**What to do**
When you restate the records, do so word for word and omit any picture they contain.

━━━━━ Provided records ━━━━━

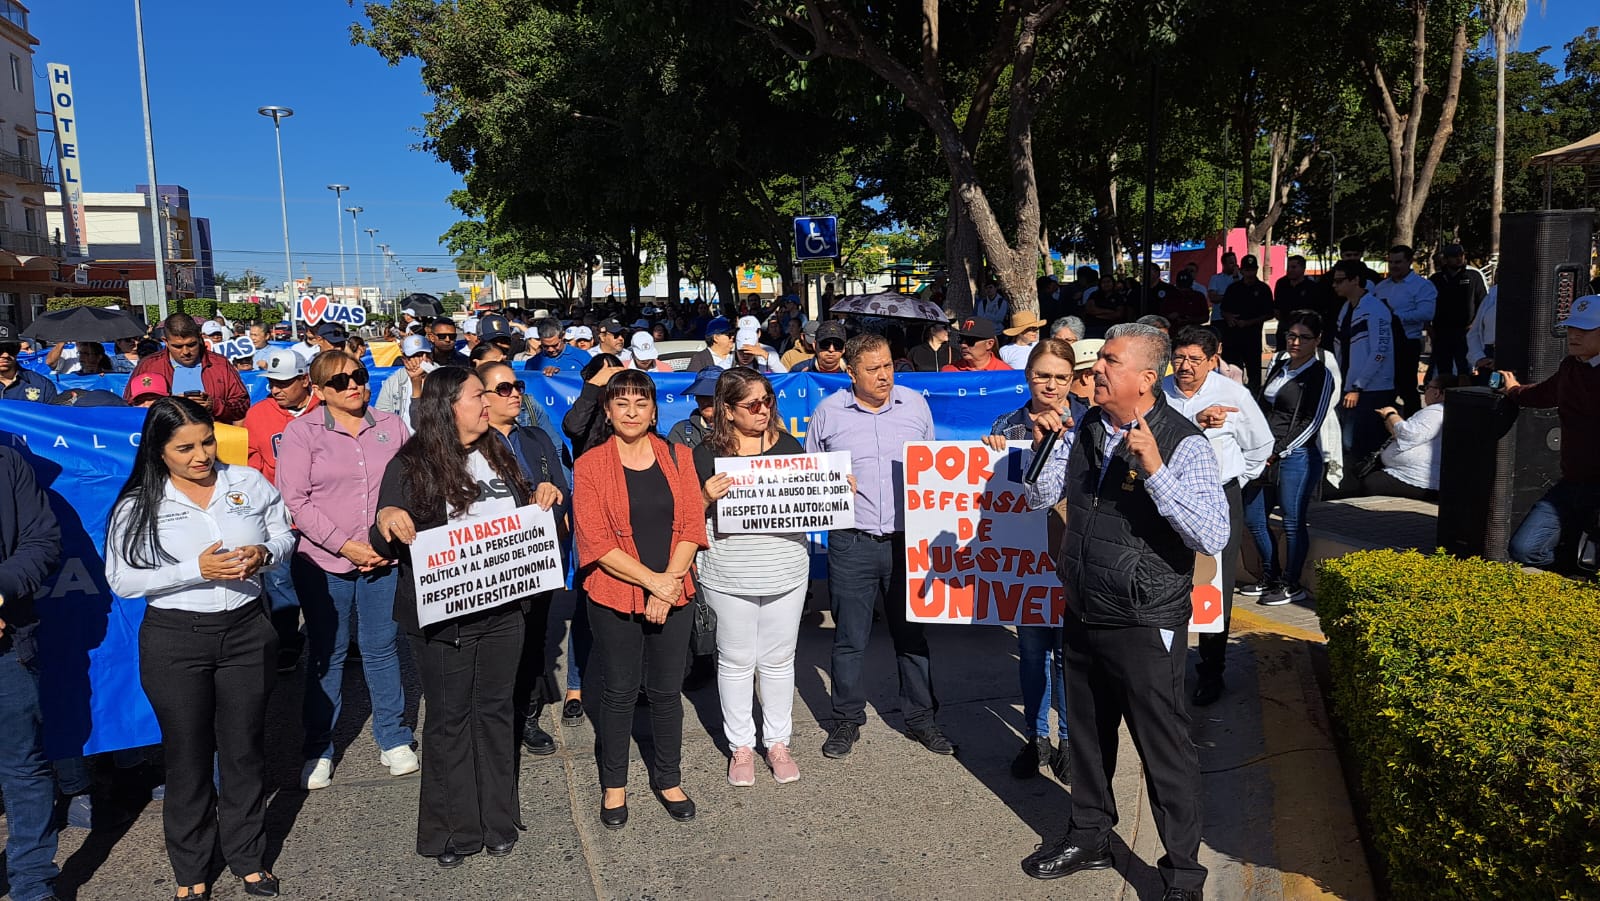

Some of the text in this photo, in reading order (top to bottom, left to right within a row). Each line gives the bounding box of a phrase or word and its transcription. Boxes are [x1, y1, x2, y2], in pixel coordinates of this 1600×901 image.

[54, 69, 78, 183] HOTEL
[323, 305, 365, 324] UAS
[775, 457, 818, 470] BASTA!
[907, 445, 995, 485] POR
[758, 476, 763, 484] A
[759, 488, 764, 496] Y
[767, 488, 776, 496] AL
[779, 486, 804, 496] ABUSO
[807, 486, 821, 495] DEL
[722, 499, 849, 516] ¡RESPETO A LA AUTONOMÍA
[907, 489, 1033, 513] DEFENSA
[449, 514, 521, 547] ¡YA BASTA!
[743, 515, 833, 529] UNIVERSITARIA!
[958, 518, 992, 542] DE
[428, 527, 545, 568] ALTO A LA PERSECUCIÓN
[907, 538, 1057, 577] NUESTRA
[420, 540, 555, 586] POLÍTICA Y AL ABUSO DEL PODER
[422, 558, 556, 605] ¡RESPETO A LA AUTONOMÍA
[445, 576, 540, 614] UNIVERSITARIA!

━━━━━

**Expected output**
Some of the text in this photo, in reading order (top to bottom, left to right within a row). Each line gives the bounding box of a phrase or word and its transcription. Boxes are [x1, y1, x2, y2], in pixel coordinates of this 1600×901 image.

[54, 69, 78, 183] HOTEL
[323, 305, 365, 324] UAS
[775, 457, 818, 470] BASTA!
[907, 445, 995, 485] POR
[758, 476, 763, 484] A
[759, 488, 764, 496] Y
[767, 488, 776, 496] AL
[779, 486, 804, 496] ABUSO
[807, 486, 821, 495] DEL
[722, 499, 849, 516] ¡RESPETO A LA AUTONOMÍA
[907, 489, 1033, 513] DEFENSA
[449, 514, 521, 547] ¡YA BASTA!
[743, 515, 833, 529] UNIVERSITARIA!
[958, 518, 992, 542] DE
[428, 527, 545, 568] ALTO A LA PERSECUCIÓN
[907, 538, 1057, 577] NUESTRA
[420, 540, 555, 586] POLÍTICA Y AL ABUSO DEL PODER
[422, 558, 556, 605] ¡RESPETO A LA AUTONOMÍA
[445, 576, 540, 614] UNIVERSITARIA!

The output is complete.